In [1]:
import sys
sys.path.append('../..')
sys.path.append('../data')
sys.path.append('../../helper_code')

from sklearn.linear_model import Ridge
from sklearn.kernel_ridge import KernelRidge
from sklearn.model_selection import cross_val_score, KFold, GridSearchCV, train_test_split
from sklearn.metrics import mean_squared_error
import xgboost as xgb
import warnings
import numpy as np
import pandas as pd
from IPython.display import display
import copy

from helper_code.custom_kernel import *

In [2]:
input_dataset = ['c', 'c_lexi', 'c_lexi_nd', 'CE', 'CE_lexi', 'CE_lexi_nd', 
            'CSE', 'CSE_lexi', 'CSE_lexi_nd']
dataset_dict = {}

for data in input_dataset:
    dataset_dict[data] = pd.read_csv(f'../data/coronene_training_data/{data}.csv')

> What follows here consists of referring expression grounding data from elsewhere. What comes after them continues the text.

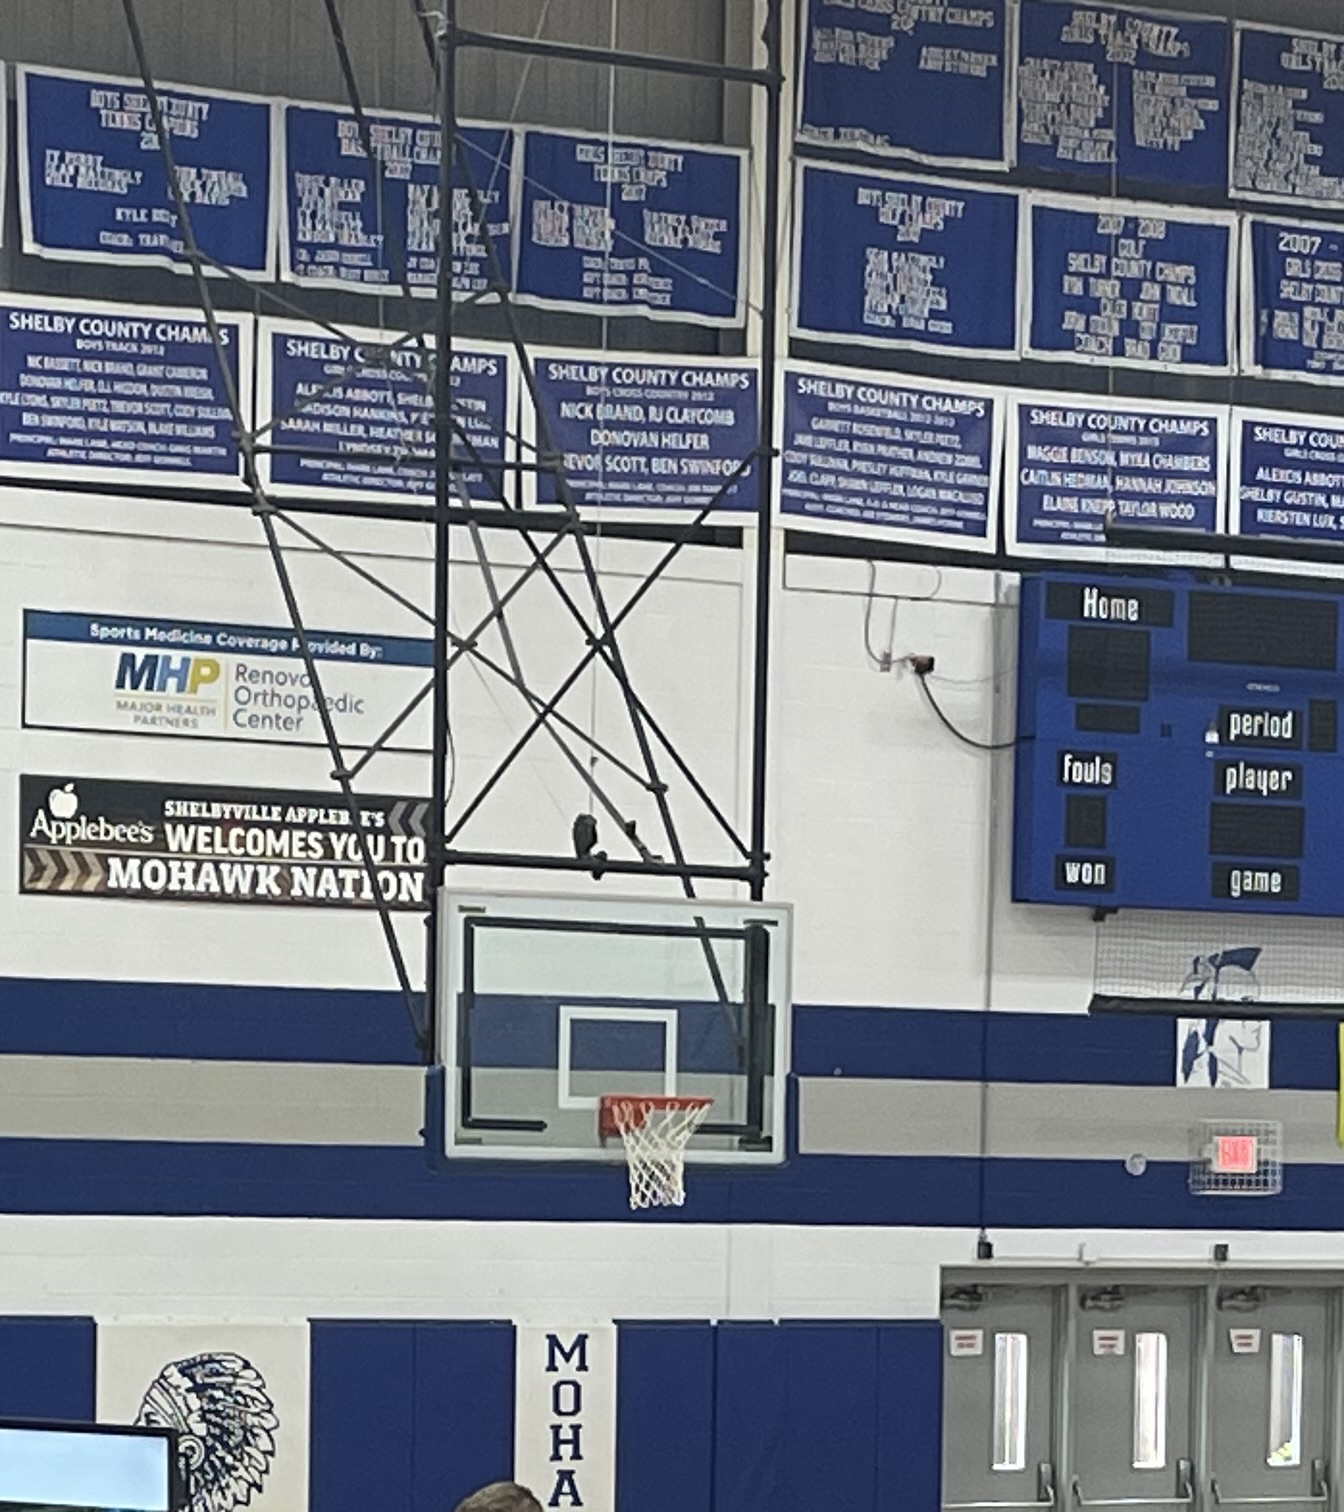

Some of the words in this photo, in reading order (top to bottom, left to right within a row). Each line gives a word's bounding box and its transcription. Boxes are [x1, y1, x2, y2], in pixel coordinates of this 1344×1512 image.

[1278, 232, 1321, 254] 2007
[9, 312, 76, 332] SHELBY
[79, 317, 152, 338] COUNTY
[156, 324, 230, 346] CHAMS
[286, 340, 350, 360] SHELBY
[548, 364, 609, 382] SHELBY
[612, 367, 679, 387] COUNTY
[682, 371, 750, 390] CHAMPS
[798, 378, 855, 399] SHELBY
[857, 386, 920, 410] COUNTY
[922, 396, 985, 418] CHAMPS
[1030, 409, 1085, 428] SHELBY
[1087, 413, 1147, 432] COUNTY
[1149, 418, 1210, 436] CHAMPS
[1254, 427, 1307, 445] SHELBY
[590, 428, 659, 449] DONOVAN
[1082, 586, 1140, 622] Home
[89, 622, 141, 641] Sports
[144, 626, 213, 646] Medicine
[216, 632, 288, 652] Coverage
[359, 641, 384, 660] By:
[115, 652, 221, 694] MHP
[116, 700, 163, 714] MAJOR
[166, 702, 216, 717] HEALTH
[133, 714, 199, 729] PARTNERS
[232, 708, 304, 732] Center
[1228, 707, 1294, 741] period
[1062, 753, 1113, 785] fouls
[1224, 762, 1294, 797] player
[28, 807, 155, 845] Applebee's
[164, 799, 283, 824] SHELBYVILLE
[285, 802, 385, 828] APPLEBE'S
[165, 823, 324, 860] WELCOMES
[328, 832, 385, 862] YOU
[390, 834, 426, 865] TO
[107, 857, 282, 897] MOHAWK
[289, 864, 425, 903] NATION
[1064, 861, 1107, 886] won
[1229, 868, 1283, 899] game

delta_total_energy = pd.read_csv(f'../data/coronene_training_data/delta_total_energy.csv')
delta_delta_total_energy = pd.read_csv(f'../data/coronene_training_data/delta_delta_total_energy.csv')

## CSE with Gaussian Kernel ##

In [3]:
X_train = dataset_dict['CSE'].to_numpy()
y_train = delta_total_energy

params = {'alpha': 4.6e-11, 'gamma': 2.8e-08, 'kernel': 'rbf'}
model = KernelRidge(**params)

kfold = KFold(n_splits=2, shuffle=True, random_state=42)
neg_mse_scores = cross_val_score(model, X_train, y_train, scoring='neg_mean_squared_error', cv=kfold)
rmse_scores = np.sqrt(-neg_mse_scores)
mean_rmse_score = rmse_scores.mean()

for fold, score in enumerate(rmse_scores):
    print(f"fold {fold}: rmse = {score}")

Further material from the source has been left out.